Listening to the voice of the customer is so vital to the health of your business. But so many small business owners don’t know where to start and where to go. You know from experience that listening to the feedback you get in person can help you learn so much about what you sell, how you sell it and who you are selling it to. So imagine you could extend your ears and listen to feedback in a different form. Well, you actually can. Because more and more of these “discussions” are taken out of the physical business and into the online world, which eliminates the customer’s discomfort of confrontation while magnifying the impact of the comments, good or bad.
The Three Levels of The Voice of Customer For Local Business Owners
In the three levels of voice of customer listening, there are both online and offline components, two vital from online conversations and the third is an extension of the on-site experience.
Level 1: Online Review Monitoring
With 92% of consumers now reading online reviews before making a purchase, monitoring them is growing in importance.
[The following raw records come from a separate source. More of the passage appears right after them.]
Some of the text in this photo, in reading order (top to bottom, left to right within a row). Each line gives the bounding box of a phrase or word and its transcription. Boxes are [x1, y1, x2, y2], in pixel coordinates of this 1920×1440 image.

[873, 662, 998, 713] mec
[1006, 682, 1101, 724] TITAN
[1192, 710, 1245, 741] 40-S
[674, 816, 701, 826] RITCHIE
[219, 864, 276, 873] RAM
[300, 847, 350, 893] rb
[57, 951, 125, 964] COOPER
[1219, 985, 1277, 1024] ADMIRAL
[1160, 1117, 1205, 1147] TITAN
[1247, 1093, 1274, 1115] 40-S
But it’s not good enough to just monitor. Respond too. Thank those who give you good reviews, and solve problems presented in negative reviews. The overall feedback you gain about a specific location, however, can give you valuable direction. Listen closely and make the adjustments being asked of you. When you show that you’re responsive, people respond in kind. Plus it gives you instant credibility among the buying public.
Monitoring reviews and notice that not many are pouring in? You may want to think about a review building strategy to encourage your best customers to act as advocates on your behalf. This can help change the perception of your location, and also help search engines index your business to better present it to those searching online. Why? Because online reviews and the rating you receive have an impact on your SEO. The more you have, the better perceived your business will be by search engine. And this is of vital importance.
Level 2: Social Listening
With your location being monitored via review sites in Level 1, you can turn to social media to listen to feedback on social networks, away from Google Reviews, Yelp, Trip Advisor and others. With a social media listening tool to work with, you can track brand keywords and @ mentions of your handles. Using your own online profiles, you can then respond to the positive and negative being published on social networks. In addition, you can think of this information as free focus group feedback that you can apply to your business planning, content marketing, merchandising and customer service approaches.
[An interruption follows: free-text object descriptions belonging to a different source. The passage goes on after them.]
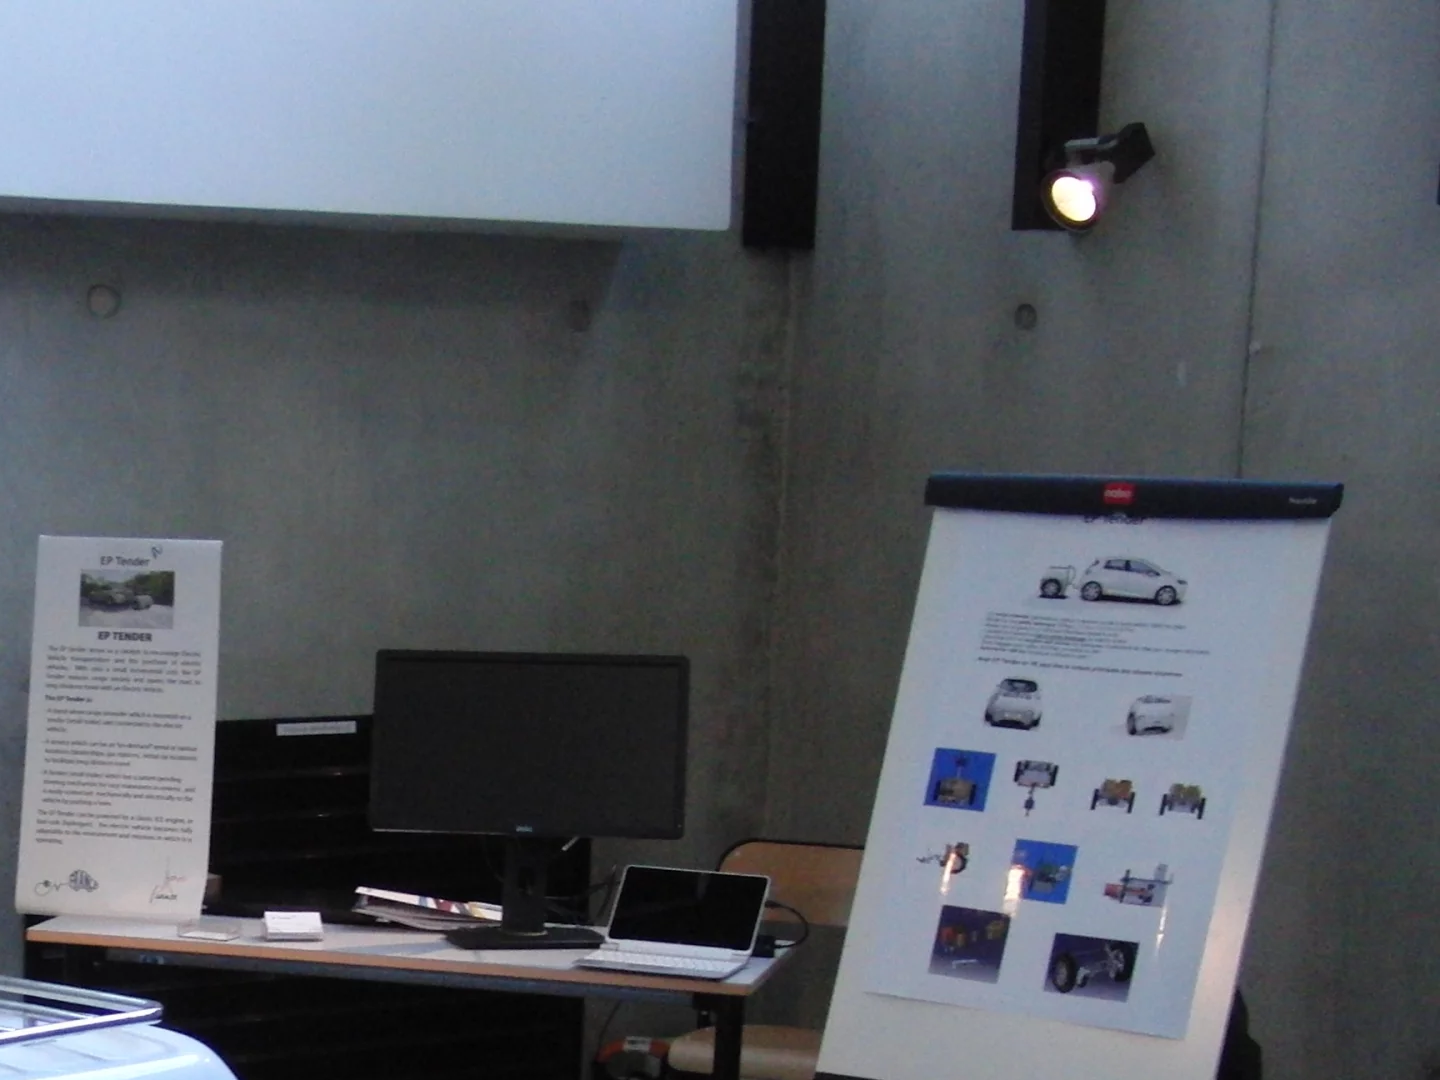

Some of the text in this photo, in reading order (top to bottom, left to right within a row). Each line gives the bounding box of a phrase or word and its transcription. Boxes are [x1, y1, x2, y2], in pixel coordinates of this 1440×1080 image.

[100, 555, 151, 567] EP Tender
[97, 631, 153, 642] EP TENDER
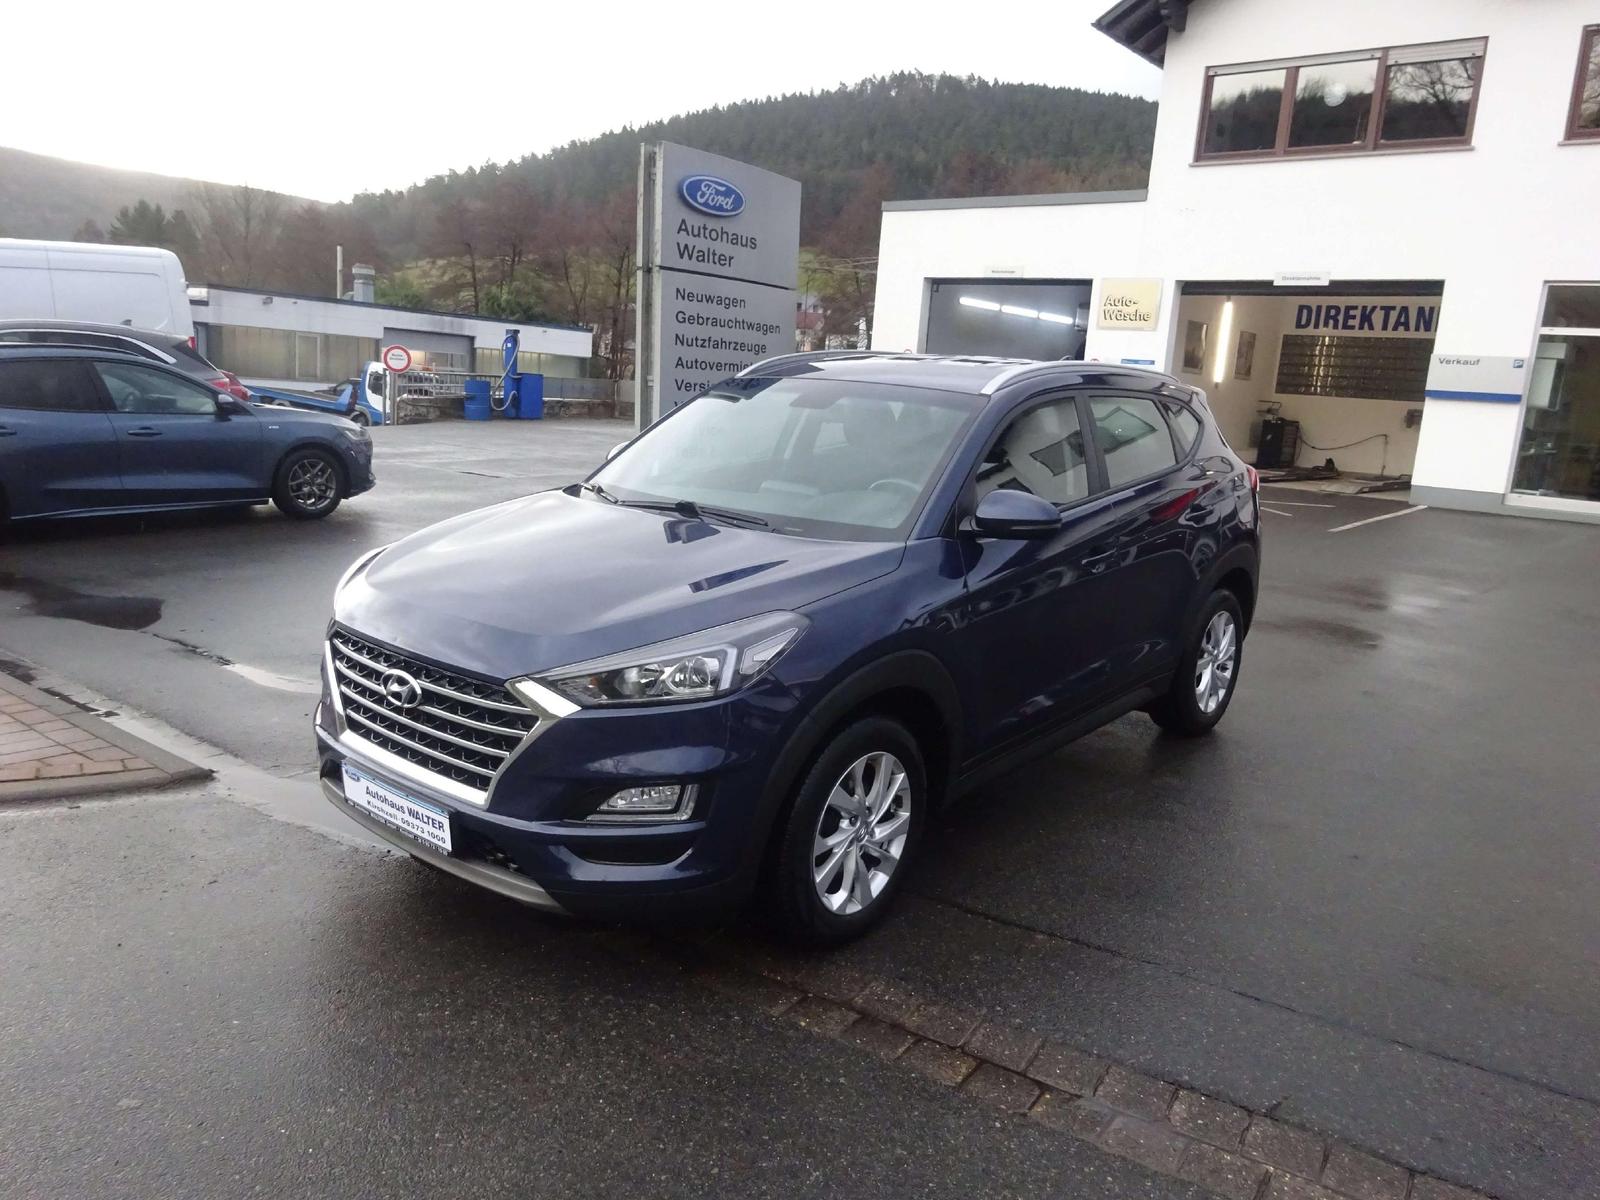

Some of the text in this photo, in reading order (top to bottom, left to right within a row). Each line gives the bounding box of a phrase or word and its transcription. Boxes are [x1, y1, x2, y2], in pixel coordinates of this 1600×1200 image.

[696, 180, 736, 210] Ford
[676, 217, 758, 250] Autohaus
[676, 241, 735, 268] Walter
[675, 287, 746, 309] Neuwagen
[1103, 295, 1140, 307] Auto-
[675, 310, 781, 336] Gebrauchtwagen
[1103, 308, 1152, 322] Wäsche
[1295, 304, 1440, 333] DIREKTAN
[674, 333, 767, 355] Nutzfahrzeuge
[1438, 357, 1481, 366] Verkauf
[365, 785, 445, 832] Autohaus WALTER
With the right social media monitoring program in place, you’ll be able to listen to what is being said, track the sentiment of these conversations and gain a better and more complete understanding of your customers. For small business owners, this information is not only vital, it’s gold.
Level 3: Asking For Feedback
Once a customer leaves your location, you’ve lost the chance to engage them one-on-one and discuss their experience. But what if you could extend the opportunity to gain their feedback by giving them a link to a survey? You’ve seen this in practice many times as a consumer, I’m sure. After making a purchase, your receipt has a survey link on it and an incentive to fill it out. Consider this to be another level of gaining the voice of the customer. Every survey response is a personalized, private piece of feedback that you can use to improve your business. Best of all, by standardizing your questionnaire, you can measure your progress on specific objectives and see if you’re gaining traction or falling behind. By measuring, though, you have information you wouldn’t have gained otherwise, which puts you in a position to act.
That’s why, if you’re engaged in Levels 1 + 2 and feel that there’s something missing, bits of information you’re not getting from online discussions, go out and ask. You’ll be pleasantly surprised at what people will tell you when you do.
Another reason these three approaches are powerful is because, unlike when you speak to someone one-one-one at your location, you’ll have a record of the discussion. You’ll always be able to go back and review, learn and and, most importantly, teach your staff what works and what doesn’t, identify trends, and help them improve!
And that’s important. After all, local marketing is all about adjusting to the needs of your customers. Otherwise, they may make the adjustment without you knowing. And that’s worse.